Write out only the final part of the records below. It begins with the line that contains "Some of the words" and ends with the last line.
-- TASK DATA follows --
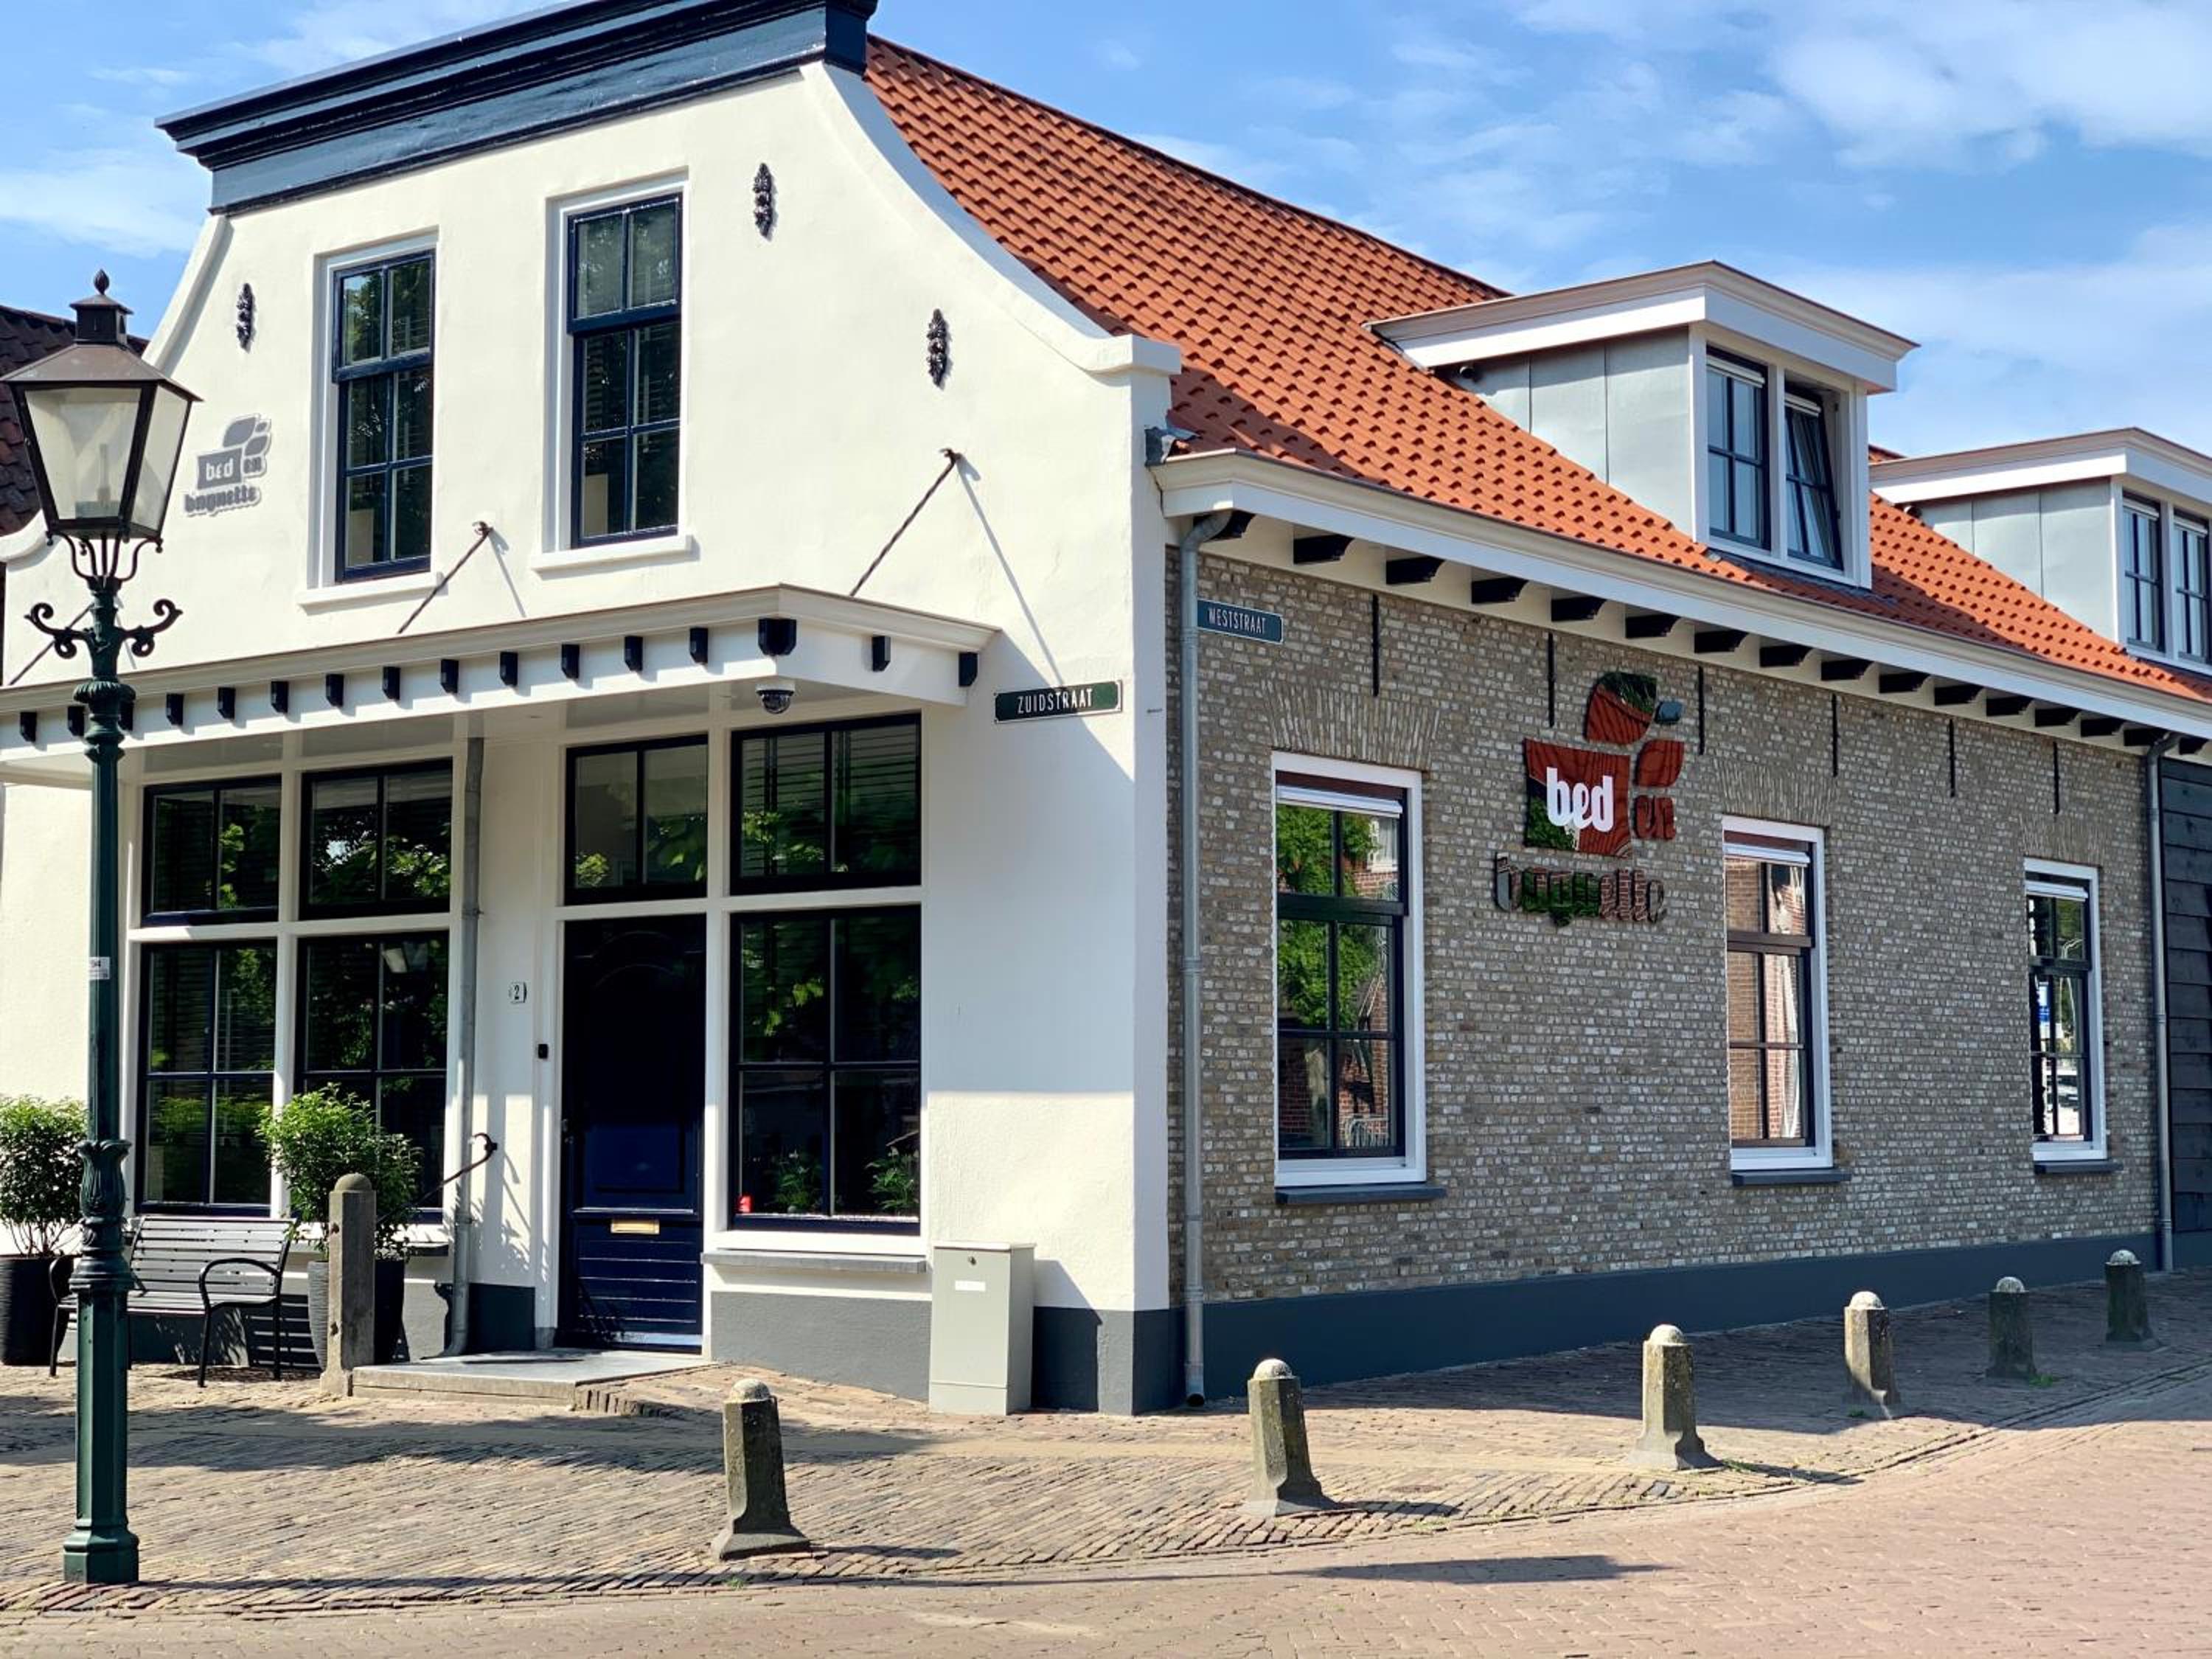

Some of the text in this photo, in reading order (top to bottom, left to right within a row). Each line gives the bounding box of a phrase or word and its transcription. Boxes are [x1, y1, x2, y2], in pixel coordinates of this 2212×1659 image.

[206, 457, 234, 481] bed
[1208, 607, 1266, 634] WESTSTRAAT
[1018, 688, 1093, 714] ZUIDSTRAAT
[1546, 766, 1677, 841] bed en
[514, 984, 520, 1001] 2
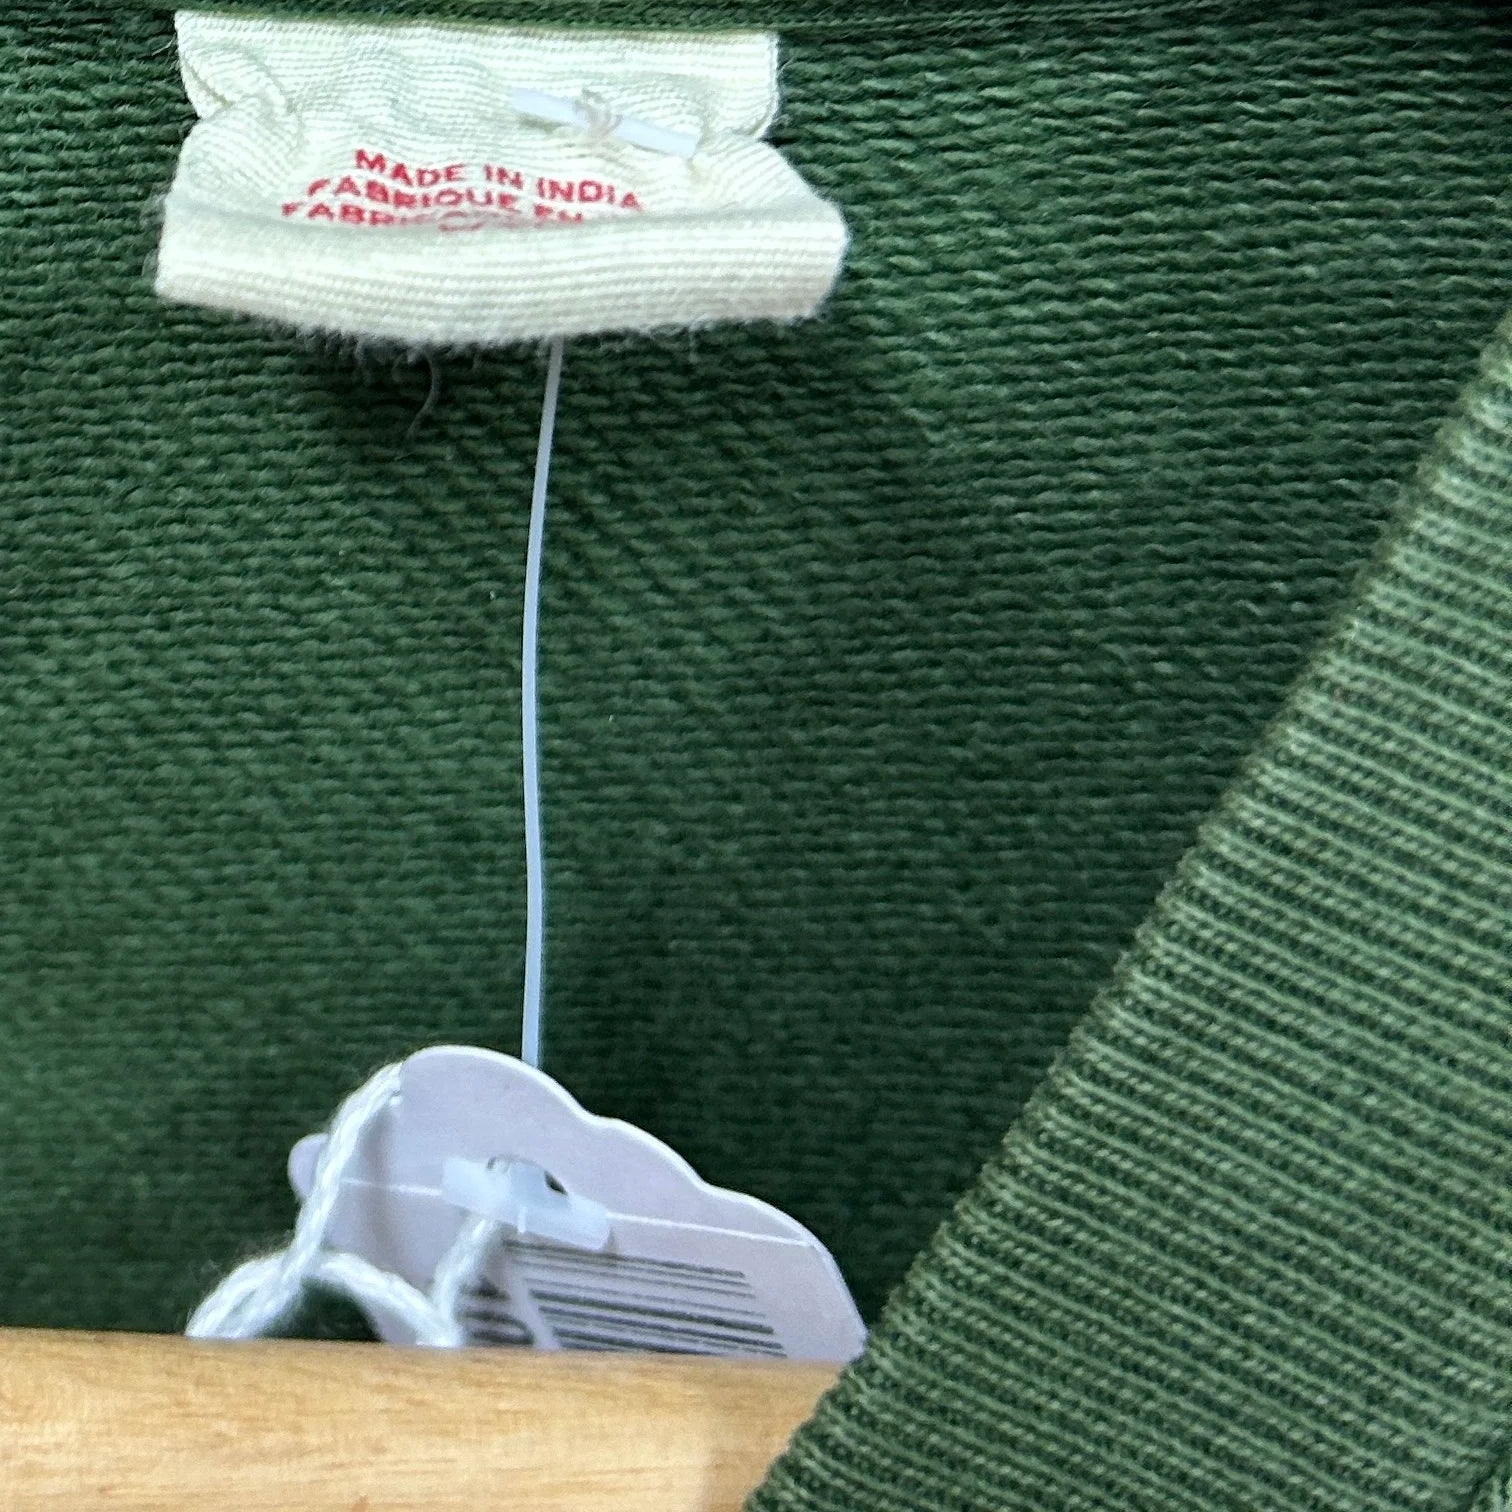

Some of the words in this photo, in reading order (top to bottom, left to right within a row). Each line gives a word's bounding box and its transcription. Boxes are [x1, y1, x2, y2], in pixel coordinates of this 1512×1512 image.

[354, 149, 468, 187] MADE
[483, 163, 524, 190] IN
[536, 176, 643, 212] INDIA
-- TASK DATA concluded --
- _RESULT FOR THIS EXERCISE_:
Some of the words in this photo, in reading order (top to bottom, left to right within a row). Each line gives a word's bounding box and its transcription. Boxes are [x1, y1, x2, y2], in pixel coordinates of this 1512×1512 image.

[354, 149, 468, 187] MADE
[483, 163, 524, 190] IN
[536, 176, 643, 212] INDIA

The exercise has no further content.